Patience is a virtue, but 115-degree heat would make anyone antsy.
The last time we checked on Bryan Nurnberger and Jennifer DeBisschop, the Naugatuck natives were biding their time in Seguin, Texas, at the end of July. They were stuck while waiting for their paperwork to wind its way through Mexico’s customs department so they could cross the border with their big yellow busload of about $20,000 in supplies and gifts for an orphanage in Oaxaca.
They’re still waiting.
Since they left Connecticut on July 7 and arrived in Texas six days later, they could be forgiven for losing their cool over having to wait more than a month for Mexican officials to grant the OK. That they haven’t lost their cool even while enduring triple-digit temperatures shows just how much those orphans mean to them.

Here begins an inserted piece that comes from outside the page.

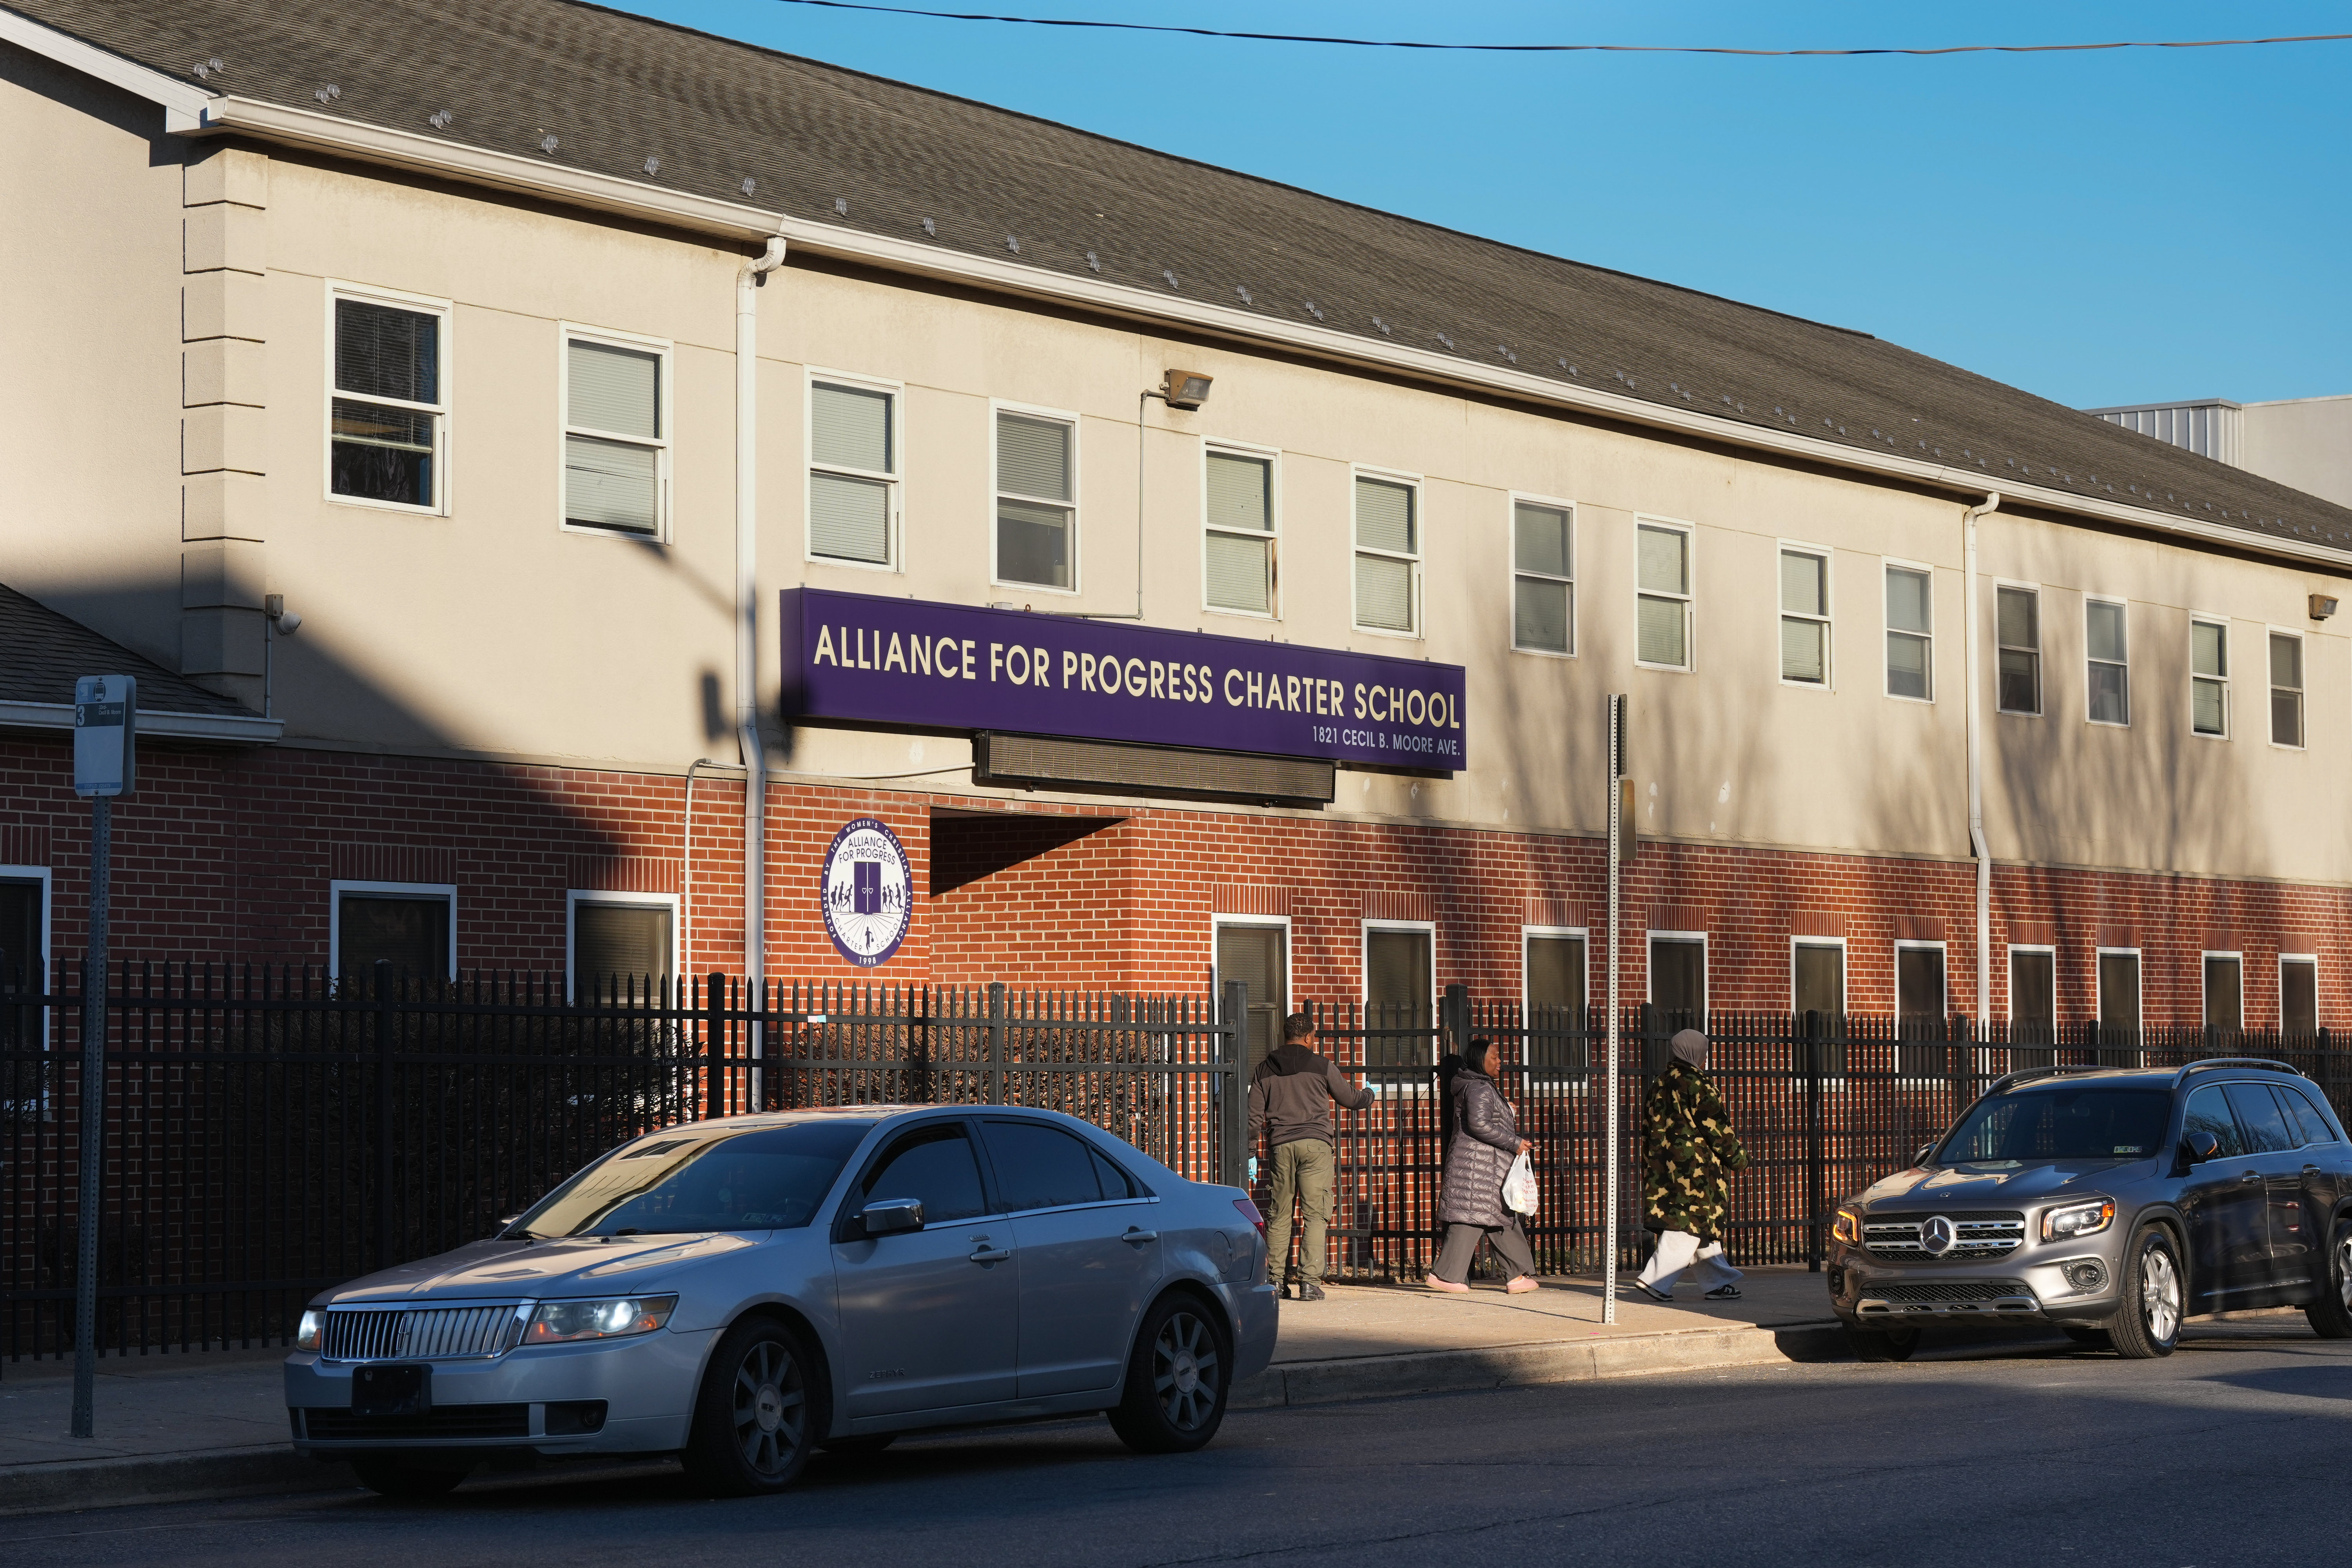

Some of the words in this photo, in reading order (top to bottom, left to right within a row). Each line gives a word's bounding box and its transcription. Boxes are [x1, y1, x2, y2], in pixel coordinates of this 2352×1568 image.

“The poor kids are freaking out. They’ve been waiting for this since February,” Nurnberger said Friday during a phone interview. Staying with friends, they have been keeping in phone contact with Carol and Francisco Marin, who run the orphanage called Casa Hogar and who have been tracking the paperwork up the chain of command.
Word from south of the border is, it’s now sitting on the top man’s desk. They might hear something by Wednesday. Or not.
That doesn’t make it any easier for the kids. Casa Hogar’s 80 children, including 30 with severe physical problems, “don’t have a good concept of time,” Nurnberger said, “and these are orphans, so everyone in their lives has not come through for them and now this.
“I’m trying not to fall into that category. That’s kind of tough to deal with.”
So is the Mexican government. Everyone on both sides of the border involved in this mid-summer, school bus version of the Santa Claus tale believed all of the paperwork had been completed and approved well before the trip began.
Mexican government officials, though, can melt expectations faster than an ice cube on a Sequin sidewalk in summer.
“We did everything we needed to do before we left on this trip, according to Mexican customs officials and the Mexican consulate,” Nurnberger said. “But they just added this on. At least in the states you can get a checklist of what you have to do. In Mexico, it’s just up to the whims of Mexican officials.”
It boils down to this: unless they get updated paperwork, they can cross the border with only about half of their cargo. “We’re approved for some of the stuff, but the stuff that’s not approved kind of makes up the backbone of what we’re bringing,” he said.
That would be the new clothing, the toys, and the medicine. “The things they have not approved are the things they think we could sell,” Nurnberger said.
Fortunately, that list does not include the 80 quilts personalized for the children. Each quilt has a photo of an orphan on it, and were made by parishioners at Naugatuck Congregational Church with help from the Naugatuck Visiting Nurses Association.
“The quilts are approved,” Nurnberger said happily. “As crazy as it sounds, they have almost become a deciding factor on whether we do this in two parts.”
The trip from Seguin to Oaxaca, in the (cooler) mountains of Central Mexico, is about 900 miles. If they have to, they’ll make two round trips, he said. They would store the unapproved items in Texas and head out, then return for the rest when the approval finally arrives.
But even that idea has problems.
“They do the permit as a whole,” he said. “We’re approved for some of the stuff, but we don’t have that permit in hand. All we have is a copy.” They need the original to cross the border, but it’s stuck on someone’s desk in Mexico City.
Even if they decide half a busload is better than none, obstacles remain. “The man standing at the border with the gun is pretty far removed from the man in Mexico City,” Nurnberger said, referring to the border guards. “And it’s not like driving in the United States. You have run-ins with undesirables who steal your stuff.
“A bus full of supplies can be pretty tempting.”
As ominous as that sounds, Nurnberger and DeBisschop haven’t given up hope. They have their faith, and they have time on their side, because neither has another job waiting.
Nurnberger’s job is running the organization, called Simply Smiles, he set up to help Casa Hogar, while DeBisschop just recently graduated from Yale Divinity School.
“We’re delayed, but no matter what it takes, I’ going to take this bus down there,” Nurnberger said. “It’s not over until we’ve parked at the orphanage.”
Never let it be said that Bryan and Jen couldn’t take the heat.